Yep. The createNav() function returns either one thing or the other, so we just echo out what it returns back to us.
Were this really comes in handy is if you use this in a file by itself and just include it on all your pages. This way your nav is just in one place if you add a new page or something.
Chris,
I can’t seem to get php to return ‘#current’ to the current page. Any suggestions?
Joe.
I’m not sure what you mean Joe, your example link seems to be working fine when I looked at it.
It’s not supposed to return “#current”, it adds an ID to the current item and then you style it with CSS so it looks different. But like I said, your example seems to be working just fine.
Thanks for your help Chris. Shortly after I asked I figured out that $_SERVER[‘PHP_SELF’] only gives the directory instead of the entire URL. That’s what was messing it up.
Thanks again!
PS: know of a good PHP XML tutorial?
I have a sinking feeling that I’m going to be spending most of the seven and a half hours I’m paid to sit in this cubicle sifting through your articles…
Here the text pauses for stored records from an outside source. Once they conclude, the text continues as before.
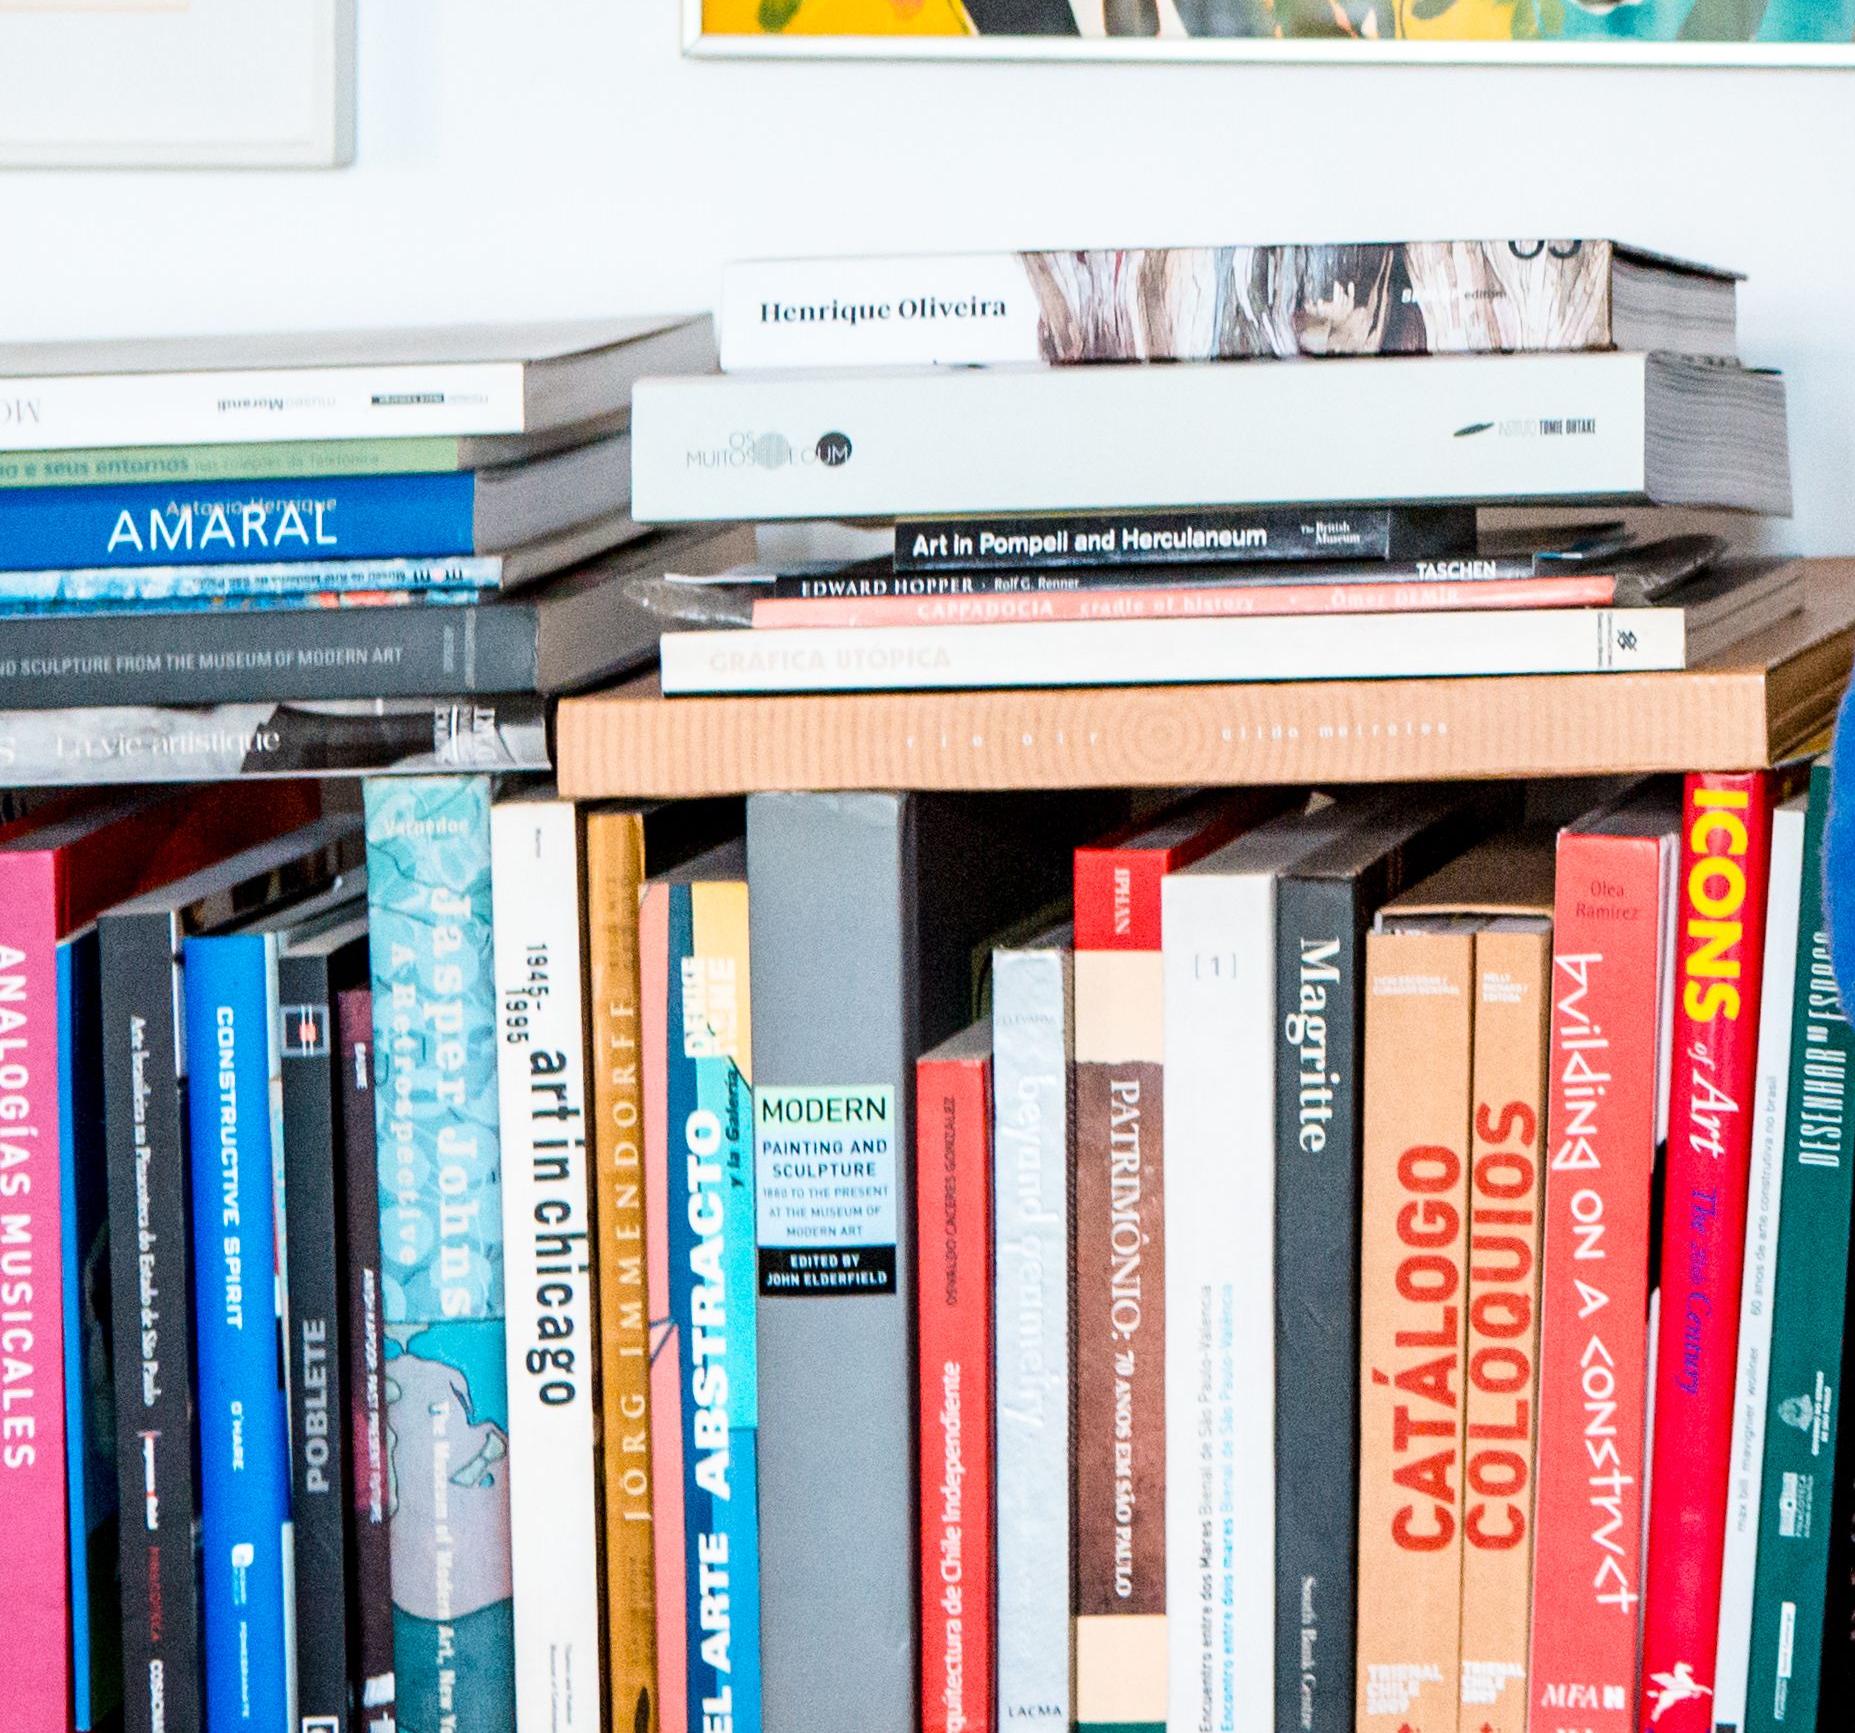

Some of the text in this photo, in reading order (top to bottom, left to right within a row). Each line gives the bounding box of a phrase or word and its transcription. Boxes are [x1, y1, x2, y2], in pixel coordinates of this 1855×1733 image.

[759, 295, 1008, 326] Henrique Oliveira
[1538, 419, 1597, 436] TOMIE OHTAKE
[816, 443, 850, 464] UM
[107, 503, 338, 553] AMARAL
[166, 496, 338, 518] Antonio Henrique
[1315, 520, 1350, 536] British
[911, 525, 1268, 559] Art in Pompeii and Herculaneum
[1315, 532, 1361, 546] Museum
[801, 573, 1080, 597] EDWARD HOPPER Rolf Renner
[1416, 561, 1497, 581] TASCHEN
[916, 599, 1054, 620] CAPPADOCIA
[1080, 598, 1144, 617] cradle
[1153, 596, 1174, 614] of
[1183, 594, 1256, 617] history
[20, 646, 403, 677] SCULPTURE FROM THE MUSEUM OF MODERN ART
[709, 639, 952, 676] GRÁFICA UTÓPICA
[100, 727, 281, 760] vie artistique
[1113, 867, 1131, 936] IPHAN
[1590, 880, 1624, 898] Olea
[1683, 787, 1749, 1023] ICONS
[523, 941, 548, 1012] 1945-
[130, 1015, 148, 1050] Arte
[505, 986, 529, 1045] 1995
[1285, 936, 1341, 1153] Magritte
[1688, 1040, 1715, 1069] of
[132, 1051, 154, 1123] brasileira
[391, 941, 421, 1266] A Retrospective
[423, 886, 480, 1319] Jasper Johns
[762, 1096, 887, 1123] MODERN
[1798, 1047, 1847, 1168] DESENHAR
[1687, 1067, 1742, 1159] Art
[216, 1005, 243, 1330] CONSTRUCTIVE SPIRIT
[762, 1138, 888, 1157] PAINTING AND
[772, 1162, 877, 1178] SCULPTURE
[0, 945, 38, 1470] ANALOGÍAS MUSICALES
[135, 1147, 154, 1229] Pinacoteca
[791, 1186, 805, 1198] TO
[809, 1186, 830, 1198] THE
[834, 1185, 889, 1199] PRESENT
[1754, 1075, 1778, 1296] anos arte construtiva brasil
[526, 1048, 588, 1408] art in chicago
[769, 1205, 881, 1218] AT THE MUSEUM OF
[786, 1225, 863, 1238] MODERN ART
[1688, 1187, 1719, 1234] The
[138, 1229, 157, 1252] do
[607, 998, 652, 1520] JÖRG IMMENDORFF
[789, 1254, 861, 1269] EDITED BY
[1001, 1074, 1062, 1430] beyond geometry
[139, 1253, 160, 1306] Estado
[766, 1271, 888, 1287] JOHN ELDERFIELD
[141, 1307, 160, 1329] de
[1109, 1080, 1150, 1599] PATRIMÔNIO: 70 ANOS EM SÃO PAULO
[1463, 1100, 1537, 1552] COLOQUIOS
[141, 1329, 160, 1360] São
[1370, 1144, 1461, 1553] CATÁLOGO
[1676, 1290, 1716, 1395] Century
[142, 1360, 162, 1407] Paulo
[302, 1318, 331, 1494] POBLETE
[684, 1109, 733, 1733] EL ARTE ABSTRACTO
[1737, 1501, 1748, 1533] max
[1746, 1346, 1760, 1397] wollner
[937, 1361, 966, 1616] de Chile Independiente
[431, 1401, 456, 1710] The Museum Modern Art, New
[1199, 1520, 1213, 1569] Mares
[1221, 1518, 1234, 1569] mares
[1199, 1573, 1213, 1601] dos
[1200, 1606, 1213, 1648] entre
[1220, 1611, 1234, 1655] entre
[1300, 1574, 1318, 1671] South Bank
[1008, 1704, 1062, 1718] LACMA
Anyways, I figure I may as well mention the following, despite the fact that this post is almost two years old. Even if you don’t benefit from it, someone else might.
I noticed that in your PHP, you’re wrapping all your strings with double quotes. At the same time, whenever outputting variables, you are breaking out of the double quotes.
Double quotes have a major advantage - any simple variables (as far as I know, no arrays or objects) are parsed even when included in double quotes.
$name = “Fred”;
echo “My name is $name”; //My name is Fred
On the downside, if I remember correctly, doublequotes also take a little bit longer to process (negligible, I’m sure, but worth mentioning). The other option is to use single quotes, which process faster, but do not parse anything inside of them (not even \n or \r).
This, of course, has the benefit of letting you use double quotes inside your string without having to escape them.